The latest version of the FairUse4M program, which can crack Microsoft's digital rights management system for Windows Media audio and video files, was published online late Friday. In the past year, Microsoft plugged holes exploited by two earlier versions of the program and filed a federal lawsuit against its anonymous authors. Microsoft dropped the lawsuit after failing to identify them.
The third version of FairUse4M has a simple drag-and-drop interface. PC users can turn the protected music files they bought online - either a la carte or as part of a subscription service like Napster - and turn them into DRM-free tunes that can be copied and shared at will, or turned into MP3 files that can play on any type of digital music player.
"We knew at the start that no digital rights management technology is going to be impervious to circumvention," said Jonathan Usher, a director in Microsoft's consumer media technology group, in a phone interview.
Usher said Microsoft employs a full-time team to combat such breaches, and that the Windows Media DRM system was designed to be quickly modified to shut down this type of attack.
He did not say how many songs have been stripped of copy protection, or how long it will take for Microsoft to combat the hack again.
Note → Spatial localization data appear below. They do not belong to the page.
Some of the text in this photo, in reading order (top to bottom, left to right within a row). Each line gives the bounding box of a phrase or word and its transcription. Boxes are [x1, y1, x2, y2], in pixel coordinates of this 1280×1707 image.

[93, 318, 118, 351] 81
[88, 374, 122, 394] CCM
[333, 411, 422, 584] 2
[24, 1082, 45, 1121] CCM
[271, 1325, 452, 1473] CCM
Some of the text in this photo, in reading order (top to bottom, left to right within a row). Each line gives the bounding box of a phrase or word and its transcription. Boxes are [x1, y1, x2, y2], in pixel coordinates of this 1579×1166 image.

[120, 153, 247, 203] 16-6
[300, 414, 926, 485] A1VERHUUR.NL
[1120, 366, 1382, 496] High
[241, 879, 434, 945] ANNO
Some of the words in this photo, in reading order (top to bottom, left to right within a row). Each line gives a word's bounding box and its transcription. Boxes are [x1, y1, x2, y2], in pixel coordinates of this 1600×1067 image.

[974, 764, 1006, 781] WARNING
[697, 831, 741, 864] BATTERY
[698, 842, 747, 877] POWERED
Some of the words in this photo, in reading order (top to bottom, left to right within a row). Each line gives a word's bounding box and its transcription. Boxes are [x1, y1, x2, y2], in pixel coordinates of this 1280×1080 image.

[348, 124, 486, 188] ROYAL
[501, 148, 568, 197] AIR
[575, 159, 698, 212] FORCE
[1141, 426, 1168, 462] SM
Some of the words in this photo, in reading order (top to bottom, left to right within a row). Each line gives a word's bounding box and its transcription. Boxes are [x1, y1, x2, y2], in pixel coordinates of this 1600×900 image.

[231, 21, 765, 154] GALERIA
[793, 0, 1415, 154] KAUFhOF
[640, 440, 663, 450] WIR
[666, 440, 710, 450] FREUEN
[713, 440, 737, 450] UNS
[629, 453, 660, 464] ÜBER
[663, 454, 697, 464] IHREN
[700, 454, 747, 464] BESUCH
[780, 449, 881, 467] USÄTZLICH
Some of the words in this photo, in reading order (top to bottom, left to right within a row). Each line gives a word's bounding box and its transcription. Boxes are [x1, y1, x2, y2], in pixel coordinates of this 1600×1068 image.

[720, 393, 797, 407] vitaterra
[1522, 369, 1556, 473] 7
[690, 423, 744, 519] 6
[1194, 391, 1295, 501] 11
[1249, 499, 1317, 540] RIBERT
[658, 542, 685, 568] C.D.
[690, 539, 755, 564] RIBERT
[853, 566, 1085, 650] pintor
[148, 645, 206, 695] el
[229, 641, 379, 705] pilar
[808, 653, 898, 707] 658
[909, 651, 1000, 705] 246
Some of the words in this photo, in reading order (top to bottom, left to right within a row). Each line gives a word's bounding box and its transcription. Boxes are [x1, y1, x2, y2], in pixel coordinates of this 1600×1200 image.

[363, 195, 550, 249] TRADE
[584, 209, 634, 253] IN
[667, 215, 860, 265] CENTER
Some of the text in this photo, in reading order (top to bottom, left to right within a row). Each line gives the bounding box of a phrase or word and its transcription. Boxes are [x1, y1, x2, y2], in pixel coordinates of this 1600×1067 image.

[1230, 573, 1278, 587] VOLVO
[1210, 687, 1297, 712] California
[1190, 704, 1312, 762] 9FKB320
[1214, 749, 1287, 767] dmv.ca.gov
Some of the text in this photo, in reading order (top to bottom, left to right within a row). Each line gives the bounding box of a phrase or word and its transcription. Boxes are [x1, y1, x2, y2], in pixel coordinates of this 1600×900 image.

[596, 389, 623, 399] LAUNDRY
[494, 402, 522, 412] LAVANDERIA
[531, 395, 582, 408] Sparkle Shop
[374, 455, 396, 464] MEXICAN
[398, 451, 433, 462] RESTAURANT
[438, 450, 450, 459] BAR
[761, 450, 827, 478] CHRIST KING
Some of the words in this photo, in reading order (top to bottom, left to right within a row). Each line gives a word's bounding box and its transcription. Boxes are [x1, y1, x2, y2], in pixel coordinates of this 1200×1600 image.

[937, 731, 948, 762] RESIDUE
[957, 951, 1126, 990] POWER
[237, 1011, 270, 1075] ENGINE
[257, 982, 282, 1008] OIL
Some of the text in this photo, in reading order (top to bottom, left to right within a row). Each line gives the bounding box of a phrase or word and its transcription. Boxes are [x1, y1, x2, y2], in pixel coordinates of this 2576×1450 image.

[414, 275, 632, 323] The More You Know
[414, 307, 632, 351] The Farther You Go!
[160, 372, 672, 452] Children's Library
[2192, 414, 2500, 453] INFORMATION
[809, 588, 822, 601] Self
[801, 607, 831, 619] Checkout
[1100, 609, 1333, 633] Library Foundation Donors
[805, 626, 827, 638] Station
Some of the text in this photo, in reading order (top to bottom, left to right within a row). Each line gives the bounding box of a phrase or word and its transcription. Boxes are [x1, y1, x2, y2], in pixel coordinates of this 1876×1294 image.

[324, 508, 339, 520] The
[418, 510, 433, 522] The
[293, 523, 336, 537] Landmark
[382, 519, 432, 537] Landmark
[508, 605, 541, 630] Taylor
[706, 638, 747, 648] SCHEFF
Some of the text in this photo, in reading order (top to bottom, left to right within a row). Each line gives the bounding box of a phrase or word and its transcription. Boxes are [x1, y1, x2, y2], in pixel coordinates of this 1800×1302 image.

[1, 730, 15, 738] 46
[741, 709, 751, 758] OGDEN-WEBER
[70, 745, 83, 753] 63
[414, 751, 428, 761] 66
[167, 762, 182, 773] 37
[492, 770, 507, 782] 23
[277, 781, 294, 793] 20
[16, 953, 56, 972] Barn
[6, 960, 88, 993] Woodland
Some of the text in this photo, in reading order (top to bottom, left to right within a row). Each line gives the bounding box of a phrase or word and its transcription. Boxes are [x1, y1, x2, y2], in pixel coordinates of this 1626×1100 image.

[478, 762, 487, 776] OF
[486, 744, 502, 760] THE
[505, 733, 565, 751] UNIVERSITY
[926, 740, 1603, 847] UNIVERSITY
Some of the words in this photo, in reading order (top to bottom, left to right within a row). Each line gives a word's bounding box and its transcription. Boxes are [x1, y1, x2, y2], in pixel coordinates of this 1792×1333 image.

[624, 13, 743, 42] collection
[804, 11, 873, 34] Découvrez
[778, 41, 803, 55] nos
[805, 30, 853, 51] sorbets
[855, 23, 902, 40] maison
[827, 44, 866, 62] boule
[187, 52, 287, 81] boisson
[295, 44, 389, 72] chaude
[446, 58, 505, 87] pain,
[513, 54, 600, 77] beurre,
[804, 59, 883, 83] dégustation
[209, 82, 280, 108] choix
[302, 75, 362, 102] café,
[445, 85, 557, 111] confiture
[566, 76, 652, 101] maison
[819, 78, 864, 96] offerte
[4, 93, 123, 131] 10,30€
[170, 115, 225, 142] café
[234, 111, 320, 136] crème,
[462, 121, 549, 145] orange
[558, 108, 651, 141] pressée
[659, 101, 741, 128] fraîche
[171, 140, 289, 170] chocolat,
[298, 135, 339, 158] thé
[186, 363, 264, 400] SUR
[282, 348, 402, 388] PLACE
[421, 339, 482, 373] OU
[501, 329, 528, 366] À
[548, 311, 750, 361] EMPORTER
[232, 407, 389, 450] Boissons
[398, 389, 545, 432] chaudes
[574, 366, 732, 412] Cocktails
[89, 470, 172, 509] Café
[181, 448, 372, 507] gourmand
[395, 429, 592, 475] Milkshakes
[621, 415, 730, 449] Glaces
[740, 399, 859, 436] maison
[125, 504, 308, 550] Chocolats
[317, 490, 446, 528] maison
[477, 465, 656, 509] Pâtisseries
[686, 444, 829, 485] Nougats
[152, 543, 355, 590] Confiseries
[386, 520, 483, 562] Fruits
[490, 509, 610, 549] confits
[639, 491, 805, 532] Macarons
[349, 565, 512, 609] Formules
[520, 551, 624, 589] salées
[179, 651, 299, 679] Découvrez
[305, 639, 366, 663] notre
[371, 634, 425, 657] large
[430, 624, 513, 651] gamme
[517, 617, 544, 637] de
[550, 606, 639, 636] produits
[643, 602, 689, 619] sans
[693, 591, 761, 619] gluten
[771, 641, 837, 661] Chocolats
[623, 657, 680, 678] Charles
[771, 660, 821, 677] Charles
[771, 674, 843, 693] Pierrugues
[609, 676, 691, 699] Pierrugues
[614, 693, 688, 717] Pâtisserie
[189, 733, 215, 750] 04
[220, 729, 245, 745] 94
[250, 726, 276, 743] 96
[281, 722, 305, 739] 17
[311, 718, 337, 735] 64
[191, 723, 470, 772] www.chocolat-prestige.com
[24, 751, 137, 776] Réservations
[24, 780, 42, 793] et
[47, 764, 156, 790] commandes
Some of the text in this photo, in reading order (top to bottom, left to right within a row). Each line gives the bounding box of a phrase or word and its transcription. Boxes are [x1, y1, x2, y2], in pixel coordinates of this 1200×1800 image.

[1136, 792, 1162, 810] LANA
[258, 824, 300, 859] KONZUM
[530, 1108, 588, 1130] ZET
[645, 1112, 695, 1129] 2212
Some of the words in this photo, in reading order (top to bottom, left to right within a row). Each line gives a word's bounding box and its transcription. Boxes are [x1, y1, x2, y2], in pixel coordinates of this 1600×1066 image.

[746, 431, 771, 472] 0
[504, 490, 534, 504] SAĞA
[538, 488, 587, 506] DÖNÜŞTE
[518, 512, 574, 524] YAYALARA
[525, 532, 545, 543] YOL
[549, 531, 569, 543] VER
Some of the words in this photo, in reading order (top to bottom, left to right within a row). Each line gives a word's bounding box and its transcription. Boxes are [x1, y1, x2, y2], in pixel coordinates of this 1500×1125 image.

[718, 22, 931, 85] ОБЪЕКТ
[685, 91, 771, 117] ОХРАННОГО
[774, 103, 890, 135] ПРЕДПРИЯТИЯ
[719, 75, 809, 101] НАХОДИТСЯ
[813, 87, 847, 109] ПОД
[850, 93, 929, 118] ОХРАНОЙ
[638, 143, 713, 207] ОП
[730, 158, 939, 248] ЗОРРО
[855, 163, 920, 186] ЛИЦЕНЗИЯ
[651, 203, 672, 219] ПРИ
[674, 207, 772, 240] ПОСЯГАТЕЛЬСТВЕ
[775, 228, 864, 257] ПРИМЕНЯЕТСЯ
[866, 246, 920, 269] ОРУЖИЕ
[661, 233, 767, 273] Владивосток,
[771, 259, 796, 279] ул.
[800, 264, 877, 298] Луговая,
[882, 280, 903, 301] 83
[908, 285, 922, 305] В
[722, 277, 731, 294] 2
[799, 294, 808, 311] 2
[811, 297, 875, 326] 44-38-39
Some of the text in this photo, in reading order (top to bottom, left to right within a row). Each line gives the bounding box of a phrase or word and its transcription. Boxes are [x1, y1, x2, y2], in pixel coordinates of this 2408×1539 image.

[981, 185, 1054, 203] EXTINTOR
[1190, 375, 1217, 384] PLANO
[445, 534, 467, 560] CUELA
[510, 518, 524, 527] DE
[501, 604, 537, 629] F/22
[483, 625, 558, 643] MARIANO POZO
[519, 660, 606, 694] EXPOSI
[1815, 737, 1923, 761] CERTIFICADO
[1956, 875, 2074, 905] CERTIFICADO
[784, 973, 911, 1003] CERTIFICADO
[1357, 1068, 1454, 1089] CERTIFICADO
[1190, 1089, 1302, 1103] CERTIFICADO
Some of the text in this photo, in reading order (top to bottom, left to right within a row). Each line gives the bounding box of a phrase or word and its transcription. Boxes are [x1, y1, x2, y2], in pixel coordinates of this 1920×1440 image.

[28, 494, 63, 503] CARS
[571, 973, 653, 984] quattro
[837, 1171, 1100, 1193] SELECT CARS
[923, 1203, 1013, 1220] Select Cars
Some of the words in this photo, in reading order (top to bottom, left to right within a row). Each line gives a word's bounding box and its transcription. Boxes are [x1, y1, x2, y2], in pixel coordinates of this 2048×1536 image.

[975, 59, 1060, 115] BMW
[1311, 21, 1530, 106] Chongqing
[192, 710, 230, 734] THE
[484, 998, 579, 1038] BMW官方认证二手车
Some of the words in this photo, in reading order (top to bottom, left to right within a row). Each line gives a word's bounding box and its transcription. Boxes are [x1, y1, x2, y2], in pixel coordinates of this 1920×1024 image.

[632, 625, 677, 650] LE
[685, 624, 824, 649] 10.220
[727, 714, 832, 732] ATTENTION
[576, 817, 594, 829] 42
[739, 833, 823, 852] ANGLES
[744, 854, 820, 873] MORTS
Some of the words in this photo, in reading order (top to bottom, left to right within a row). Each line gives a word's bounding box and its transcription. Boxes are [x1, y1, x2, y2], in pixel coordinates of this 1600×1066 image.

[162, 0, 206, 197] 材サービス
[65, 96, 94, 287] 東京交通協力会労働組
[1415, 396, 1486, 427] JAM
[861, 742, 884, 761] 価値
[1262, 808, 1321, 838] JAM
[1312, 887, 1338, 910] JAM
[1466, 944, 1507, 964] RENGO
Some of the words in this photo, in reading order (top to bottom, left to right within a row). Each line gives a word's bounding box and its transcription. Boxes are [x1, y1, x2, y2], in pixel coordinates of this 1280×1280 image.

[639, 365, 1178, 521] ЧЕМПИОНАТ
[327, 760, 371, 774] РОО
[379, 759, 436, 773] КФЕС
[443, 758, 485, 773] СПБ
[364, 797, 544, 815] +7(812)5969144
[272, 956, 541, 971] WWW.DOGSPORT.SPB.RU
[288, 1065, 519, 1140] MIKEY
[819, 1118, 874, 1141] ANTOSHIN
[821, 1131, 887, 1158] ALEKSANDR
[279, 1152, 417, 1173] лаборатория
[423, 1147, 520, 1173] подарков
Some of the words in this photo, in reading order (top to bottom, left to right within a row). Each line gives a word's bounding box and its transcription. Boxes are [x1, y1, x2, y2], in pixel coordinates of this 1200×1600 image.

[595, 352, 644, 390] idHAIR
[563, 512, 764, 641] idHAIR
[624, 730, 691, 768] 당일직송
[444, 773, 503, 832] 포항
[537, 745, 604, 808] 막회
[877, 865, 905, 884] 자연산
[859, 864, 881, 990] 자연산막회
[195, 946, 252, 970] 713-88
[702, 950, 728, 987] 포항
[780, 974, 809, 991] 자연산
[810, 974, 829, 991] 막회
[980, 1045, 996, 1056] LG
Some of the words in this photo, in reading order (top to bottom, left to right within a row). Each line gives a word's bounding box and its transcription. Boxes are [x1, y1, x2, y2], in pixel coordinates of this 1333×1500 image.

But the music industry is aware of the nature of Microsoft's technology, he said, and added that he does not expect record labels to lose patience with the process.
The Recording Industry Association of America, a trade group, declined to comment.
While Usher said Microsoft will remain committed to copy protection, attitudes around the industry are starting to shift.
Apple Inc. has modified its own online store, iTunes, to block similar efforts to break its FairPlay copy protection scheme. But Apple's chief, Steve Jobs, started calling for an end to digital music-locking earlier this year.
"There are many smart people in the world, some with a lot of time on their hands, who love to discover such secrets and publish a way for everyone to get free (and stolen) music," Jobs wrote in an online essay in February. "They are often successful in doing just that, so any company trying to protect content using a DRM must frequently update it with new and harder to discover secrets. It is a cat-and-mouse game."
Apple's iTunes store started selling DRM-free music from EMI Group PLC's catalog in May. The same month, Web retailer Amazon.com Inc. said its much-anticipated digital music store will sell tracks in the unprotected MP3 format.
Josh Bernoff, an industry analyst at Forrester Research, said he expects music DRM to fade out in the next couple of years as record companies begin to realize selling unprotected tracks online won't hurt sales. After all, Bernoff said, the same tracks are already circulating unprotected, copied from CDs and on file-sharing networks.